Demystifying Bearer Capability URIs

Historically, there has been a practice of combining URIs with access tokens containing sufficient entropy to make them difficult to brute force. A few different techniques have been implemented to do this, but those techniques can be considered implementation specific. One of the earliest and most notable uses of this technique can be observed in the Second Life backend APIs.

An example of a capability URL being used in the fediverse today would be in the way that Pleroma refers to ActivityPub objects and activities: https://socially.whimsic.al/objects/b05e883b-b66f-421b-ac46-c6018f539533 is a capability URL that allows access to a specific object.

However, while it is difficult for capability URLs to be brute forced due to containing tokens that have sufficient entropy to make guessing them expensive, they are have a serious flaw — since the access token is part of the resource being accessed, they tend to leak the access token in two ways:

  • Browser Referer headers
  • Server access and error logs

Since the usage of capability URLs has become widespread, a wonderful specification has been released by the IETF: OAuth 2.0. OAuth provides a possible solution in the form of bearer tokens, which can be passed around using an Authorization header.

Bearer Capability URIs (aka bearcaps) are essentially a construct which combines a resource with an access token that happens to grant some form of access to that resource, while keeping that access token out of band.

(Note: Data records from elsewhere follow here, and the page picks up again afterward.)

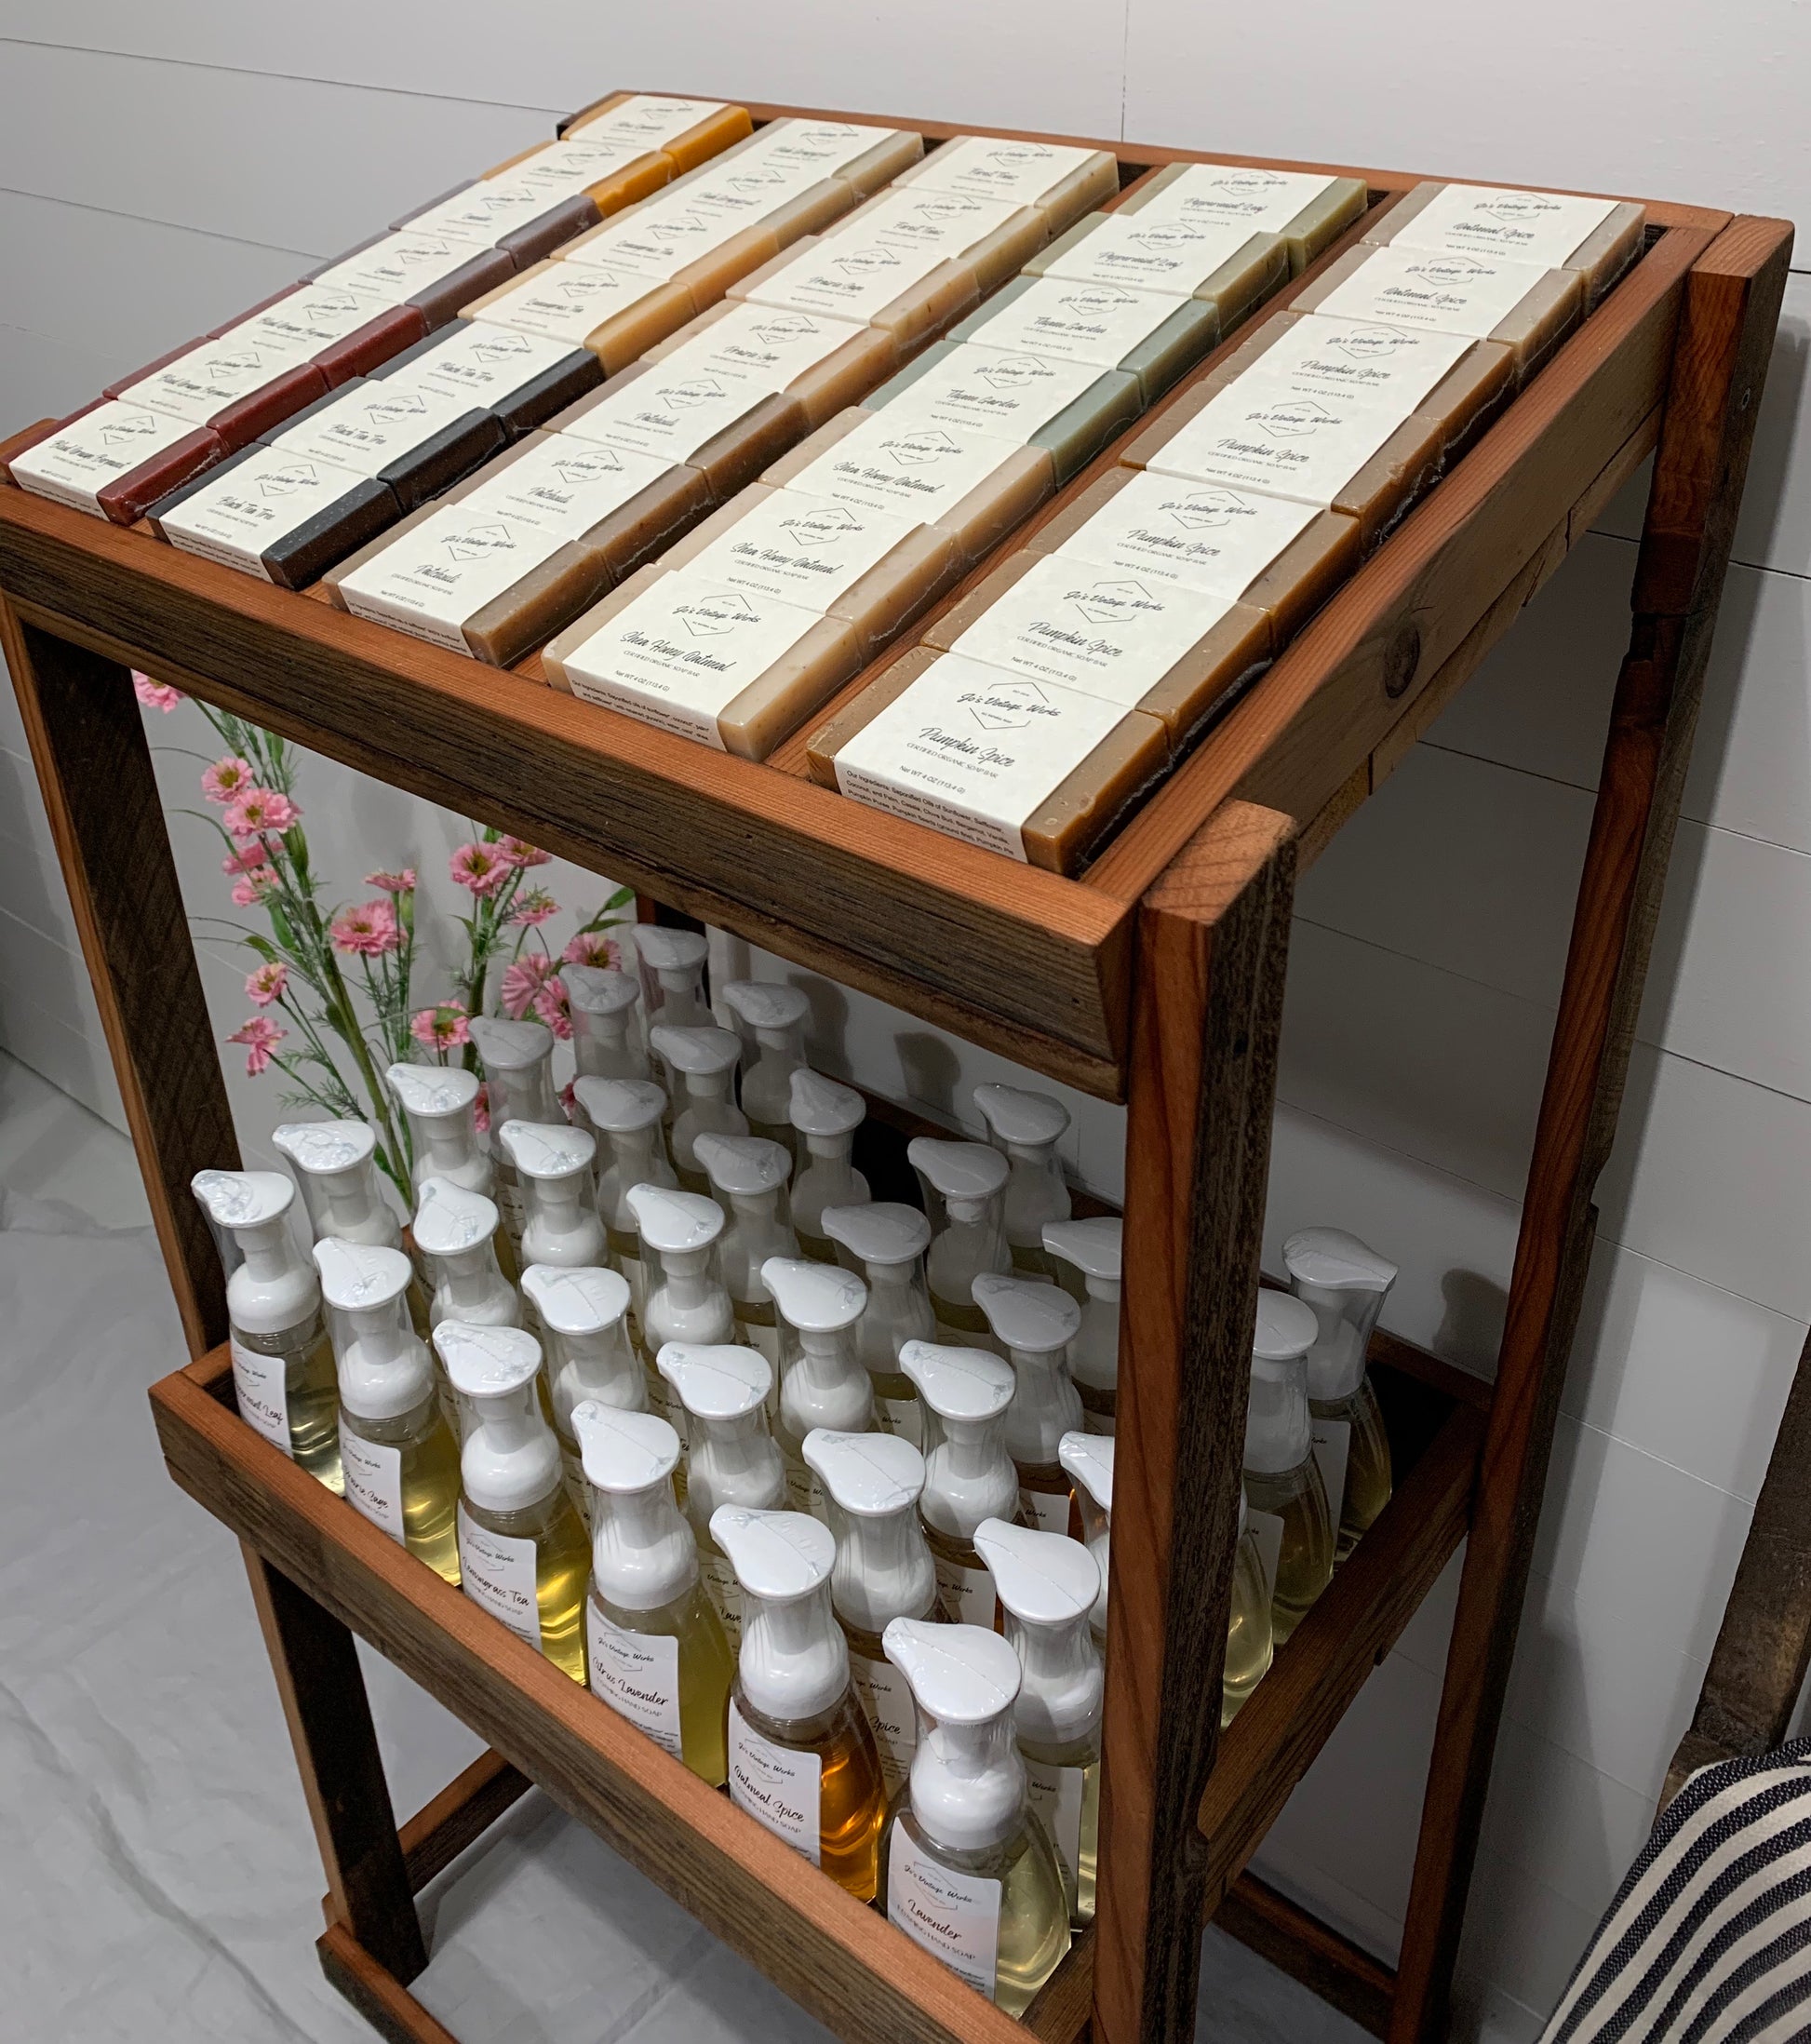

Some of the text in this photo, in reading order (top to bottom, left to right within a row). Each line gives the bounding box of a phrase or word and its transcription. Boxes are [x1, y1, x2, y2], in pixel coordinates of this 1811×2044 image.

[1383, 288, 1468, 305] Oatmeal Spice
[1301, 359, 1392, 380] Pumpkin Spice
[1217, 438, 1310, 464] Pumpkin Spice
[832, 462, 946, 494] Shea Honey Oatmeal
[1128, 529, 1221, 558] Pumpkin Spice
[731, 543, 844, 574] Shea Honey Oatmeal
[413, 564, 462, 584] Patchouli
[1063, 591, 1165, 612] Jo's Vintage Works
[672, 606, 761, 623] Jo's Vintage Works
[1029, 621, 1123, 657] Pumpkin Spice
[620, 631, 737, 672] Shea Honey Oatmeal
[957, 693, 1062, 717] Jo's Vintage Works
[920, 727, 1015, 767] Pumpkin Spice
[509, 1589, 530, 1607] Tea
[951, 1584, 973, 1594] Works
[632, 1652, 655, 1662] Works
[618, 1678, 669, 1706] Lavender
[869, 1682, 892, 1692] Works
[869, 1715, 901, 1735] Spice
[772, 1766, 796, 1777] Works
[734, 1765, 805, 1822] Oatmeal Spice
[919, 1875, 944, 1893] Vintage
[946, 1891, 973, 1903] Works
[907, 1899, 962, 1941] Lavender

Since the access token is out of band, it cannot be leaked in a Referer header or in a server log.

But what does a bearcap URI look like? It’s actually quite simple. Let’s build on the example URL I gave above — it’s bearcap URI would be something like: bearcap:?u=https://socially.whimsic.al/notice/9nnmWVszgTY13FduAS&t=b05e883b-b66f-421b-ac46-c6018f539533.

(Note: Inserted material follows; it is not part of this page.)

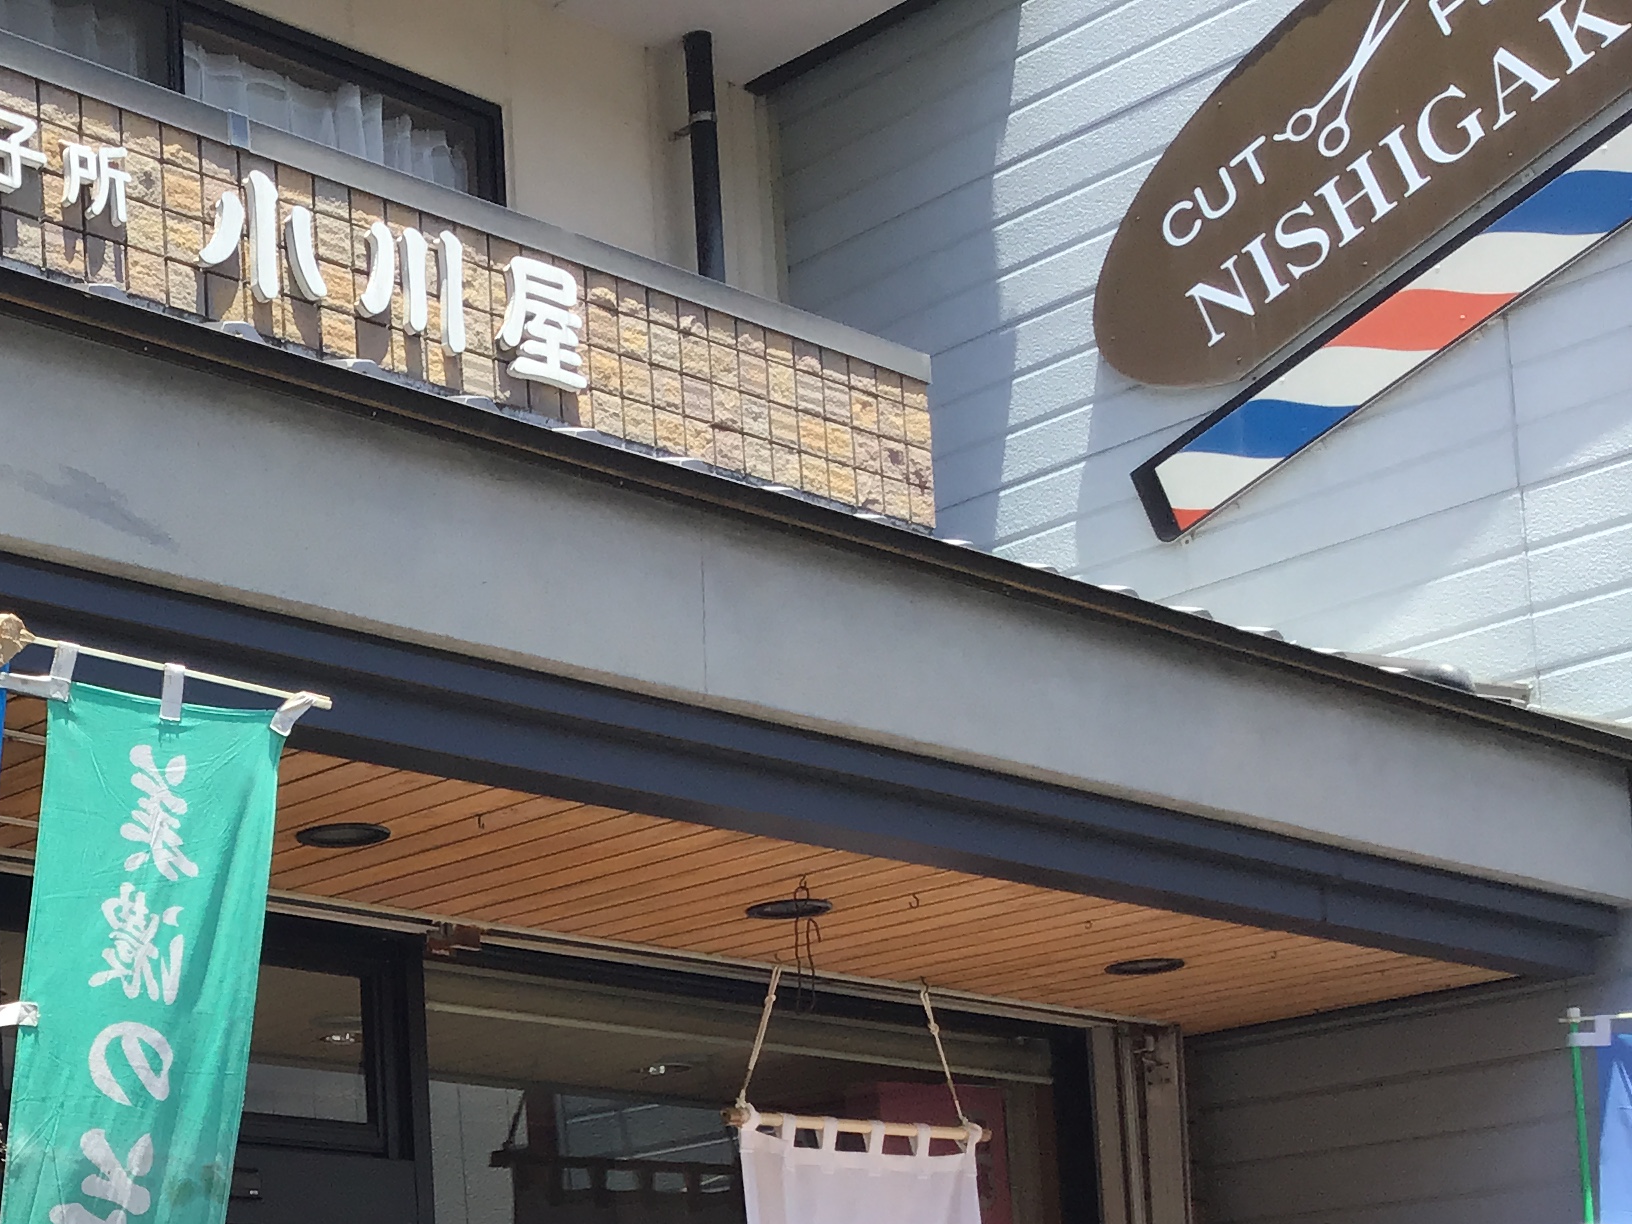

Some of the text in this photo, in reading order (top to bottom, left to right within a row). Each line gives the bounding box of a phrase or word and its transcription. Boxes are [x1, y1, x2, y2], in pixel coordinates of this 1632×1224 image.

Let’s break this down into parts.

bearcap is the name of the URI scheme, and then that is further broken down into a pair of URI query parameters:

  • u is the URI that the supplied token happens to be able to access in some way
  • t is the access token itself

In this case, a client which wanted to consume this bearcap (say to fetch the object behind it) would make a GET request to the URI specified, with the token specified:

GET /notice/9nnmWVszgTY13FduAS HTTP/1.1
Host: socially.whimsic.al
Authorization: Bearer b05e883b-b66f-421b-ac46-c6018f539533

HTTP/1.1 200 OK
[...]

In a future post, we will go into how bearcap URIs can help to bring some aspects of capability-based security to ActivityPub.